True, absolute divorce is not allowed in the Philippines owing to the sanctity and inviolability of marriage as a social institution. Marriage is the foundation of the Filipino family. No less than the 1987 Philippine Constitution recognizes the sanctity of family life and declares it a matter of state policy to protect and strengthen the family as a basic autonomous social institution. Hence, even divorce decrees obtained by Filipino citizens abroad are not binding and recognized in our jurisdiction.

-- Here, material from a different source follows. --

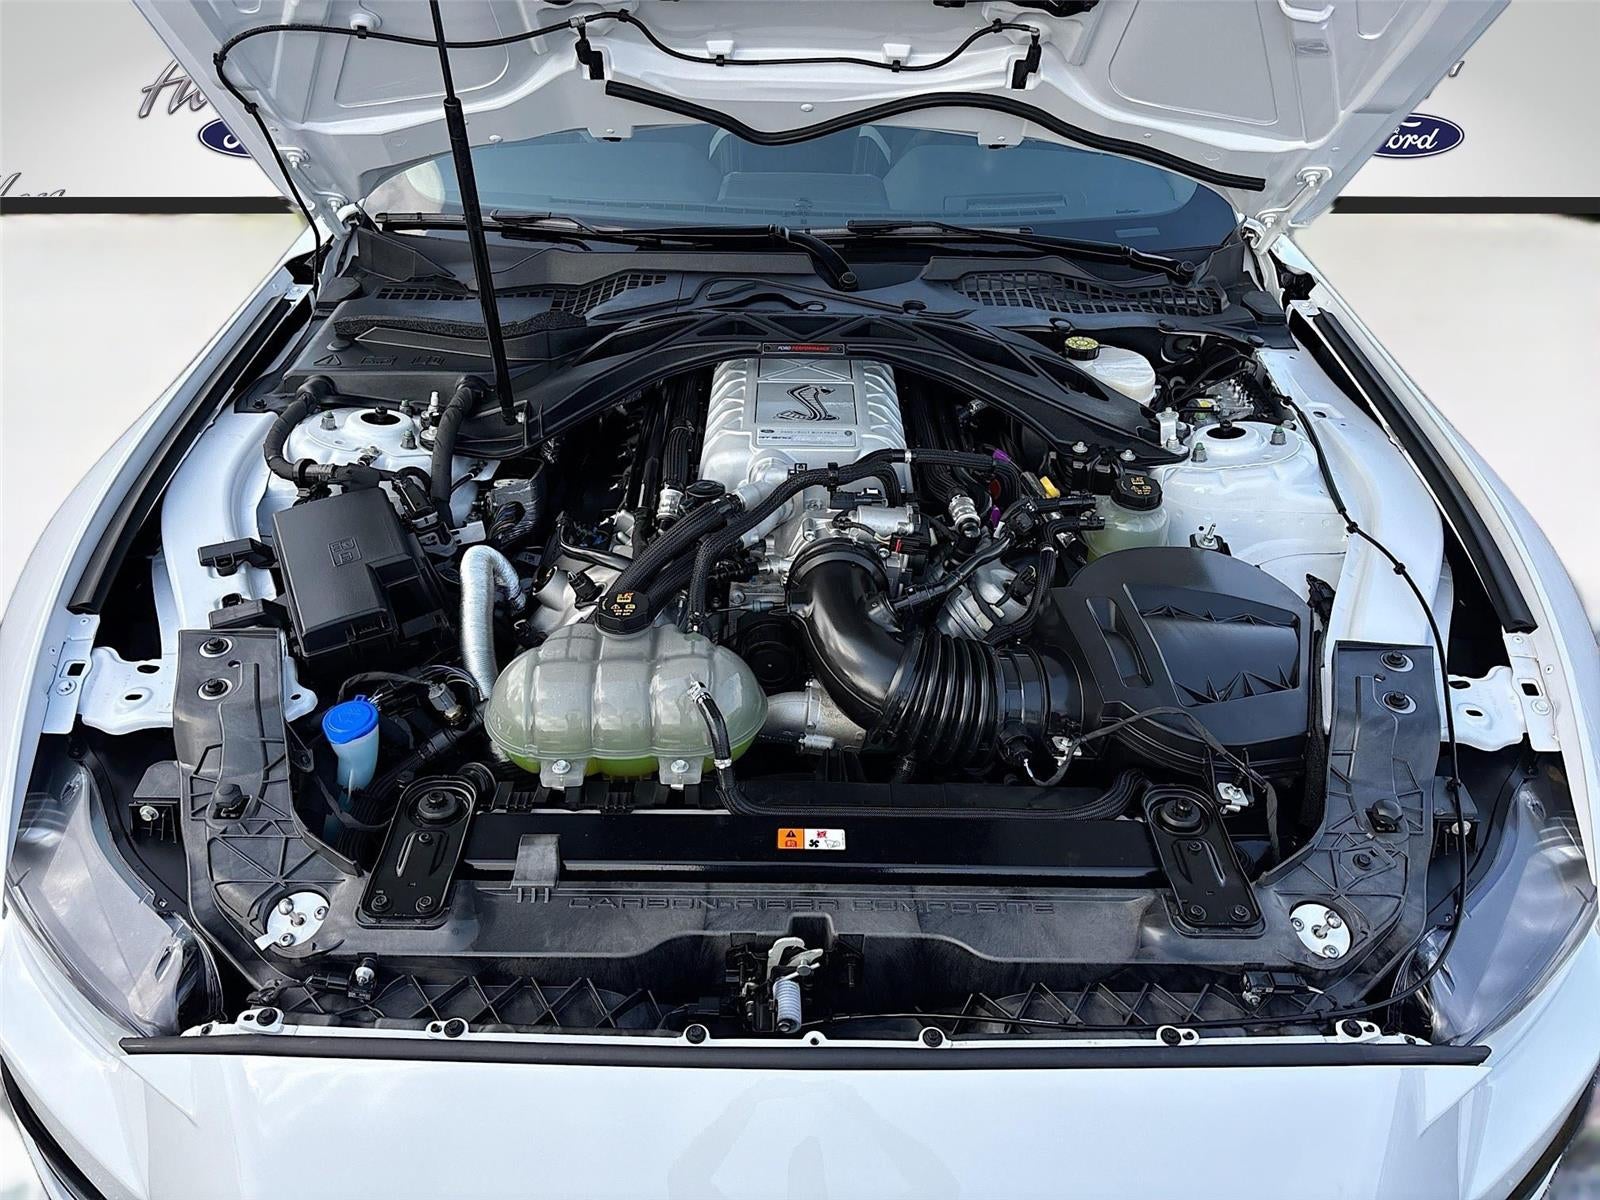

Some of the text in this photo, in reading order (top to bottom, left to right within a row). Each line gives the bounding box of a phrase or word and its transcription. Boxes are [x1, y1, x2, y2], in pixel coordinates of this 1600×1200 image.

[1386, 121, 1440, 150] ord
[792, 344, 833, 352] PERFORMANCE
[850, 898, 1056, 914] COMPOSITE

HOWEVER, the rule is not absolute as it admits three exceptions, namely:
Divorce between two foreign citizens, if valid in their national laws even if the marriage was celebrated in the Philippines;
Divorce between a Filipino citizen and a foreigner as, under Article 26(2) of the Family Code of the Philippines, where a marriage between a Filipino citizen and a foreigner is validly celebrated and a divorce is thereafter validly obtained abroad by the foreigner spouse capacitating him or her to remarry, the Filipino spouse shall likewise have capacity to remarry under Philippine law; and
Divorce between a Filipino citizen and a former Filipino citizen, where both parties were Filipino citizens at the time of the celebration of the marriage, but one of them subsequently becomes naturalized as a foreign citizen and the latter obtains a valid divorce decree abroad capacitating him or her to remarry; in such a case, the Filipino spouse shall likewise have capacity to remarry under Philippine law (see Republic vs. Orbecido III ).
Note that the divorce decree must be obtained abroad by the foreigner spouse or by the former Filipino citizen spouse, and NOT in any case by the Filipino spouse. Likewise, there must be a showing that the divorce decree gave the foreigner spouse legal capacity to remarry because in some jurisdictions, remarriage may be limited or prohibited (Bayot vs. Bayot ).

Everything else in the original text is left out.